Ahamansu Islamic Senior High School is a public co-educational high school located in Ahamansu, Ghana.  It was the first Islamic senior high school in the Volta Region and one of three second cycle institutions in the Kadjebi District which became part of the Oti Region in 2019.

History 
Ahamansu Islamic Senior High School started as private high school in 2006 by the Zongo community with funds from donor organisations. The Ahamansu Traditional Council offered large parcels of land to be used as campus for its establishment.

Eric Osei was the first headmaster of the school from 2006 to 2010. In 2010 Godfried Nyarko replaced Osei as headmaster. Nyarko advised for the necessary measures to be taken to ease the financial burdens of the school and to curtail the school's over-reliance on the National Service Scheme for teachers.

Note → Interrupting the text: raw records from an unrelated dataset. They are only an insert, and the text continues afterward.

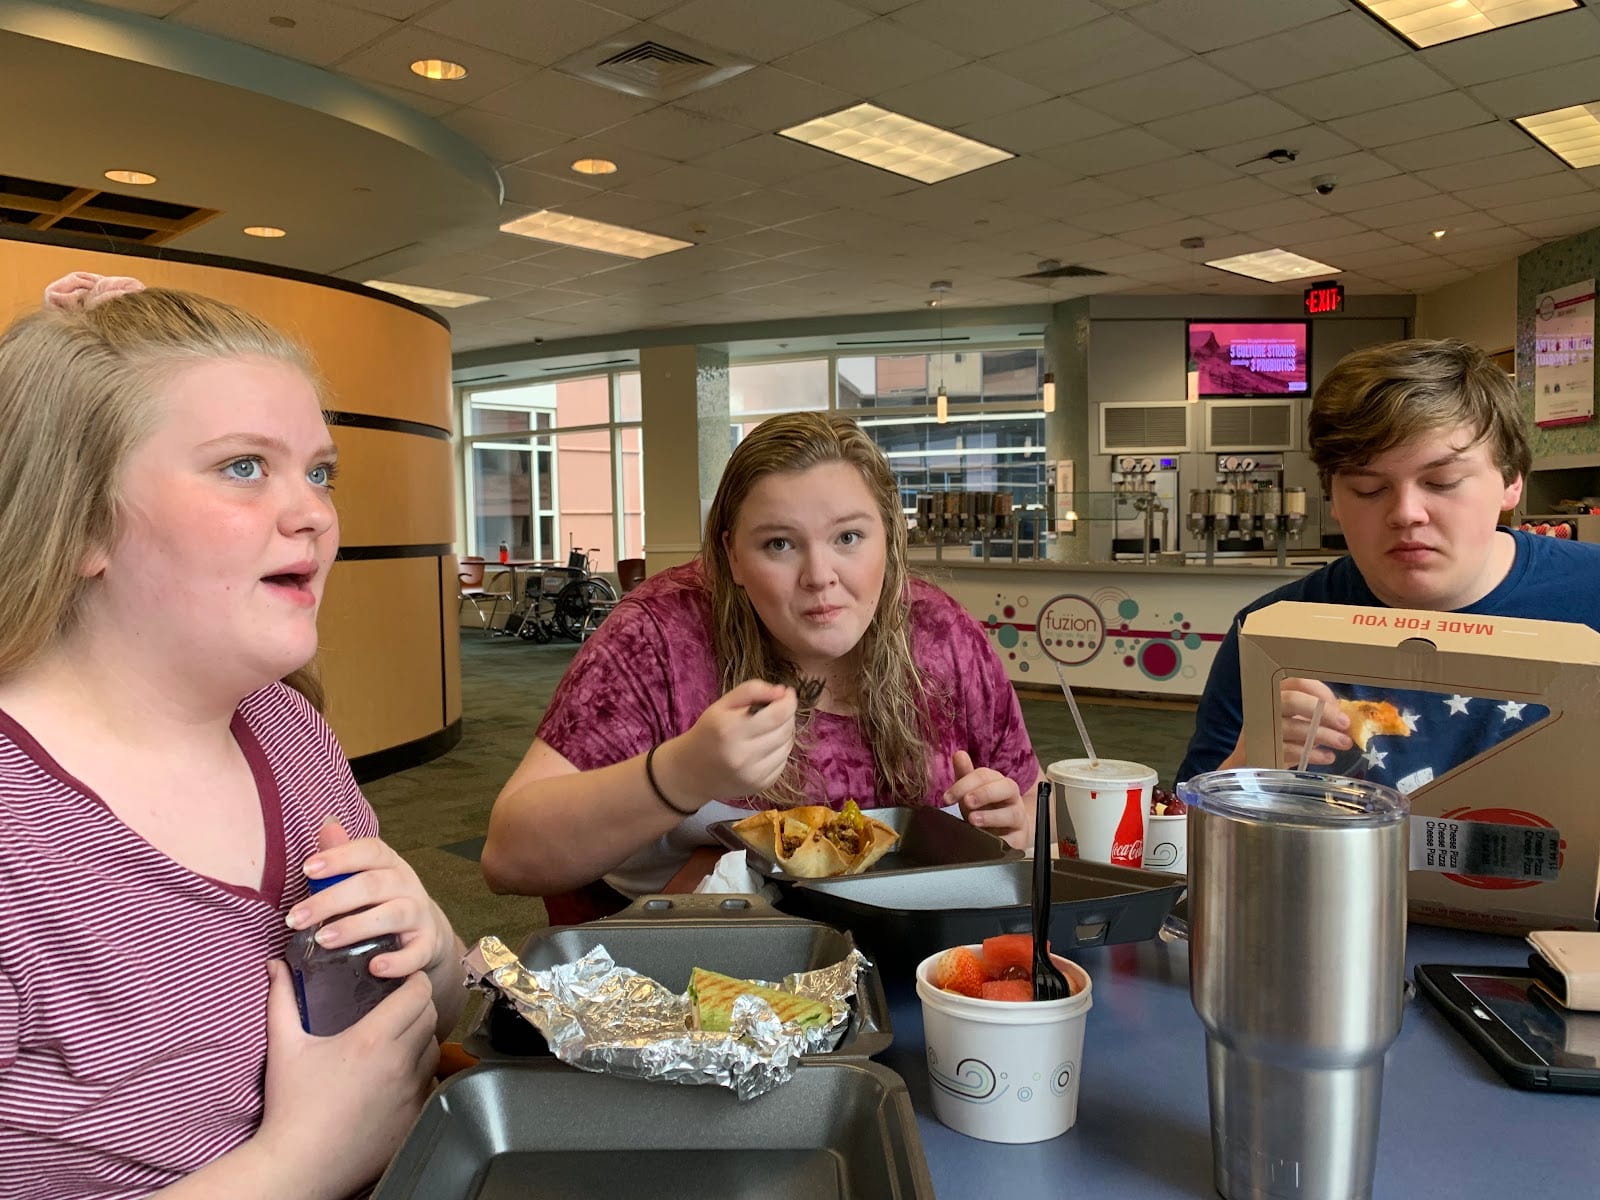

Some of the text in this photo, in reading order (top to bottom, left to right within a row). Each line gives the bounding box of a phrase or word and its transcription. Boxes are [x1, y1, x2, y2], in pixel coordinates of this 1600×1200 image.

[1310, 288, 1338, 312] EXIT
[1045, 610, 1096, 632] fuzion
[1352, 614, 1494, 635] MADE FOR YOU
[1426, 821, 1435, 865] Cheese Pizza
[1438, 823, 1446, 848] Cheese
[1450, 823, 1458, 868] Cheese Pizza

Nyarko initiated the requisite processes with the help of staff and National Service Personnel, which eventually culminated in the absorption of the school into the public system. In 2011, officers from the Ghana Education Service Headquarters inspected the schools facilities and recommended its absorption. The school became public in the year 2012. Charlotte Agboga took over from Nyarko and became the headmistress of the school.

Academics 
Ahamansu Islamic Senior High School follows the West African Examinations Council and the secondary cycle of the Ghana Education Service curriculum. Students are required to take four core subjects and three or four specialised elective subjects under the various programmes throughout the duration of study.

Core subjects 
 English
 Core mathematics
 Integrated science
 Social studies

Electives
Students choose three or four electives from the following:
 Business studies
 General arts
 Agricultural science
 Home economics
 Visual arts

At the end of their studies, students sit the West African Senior School Certificate Examination, which qualifies them for further studies in tertiary institutions.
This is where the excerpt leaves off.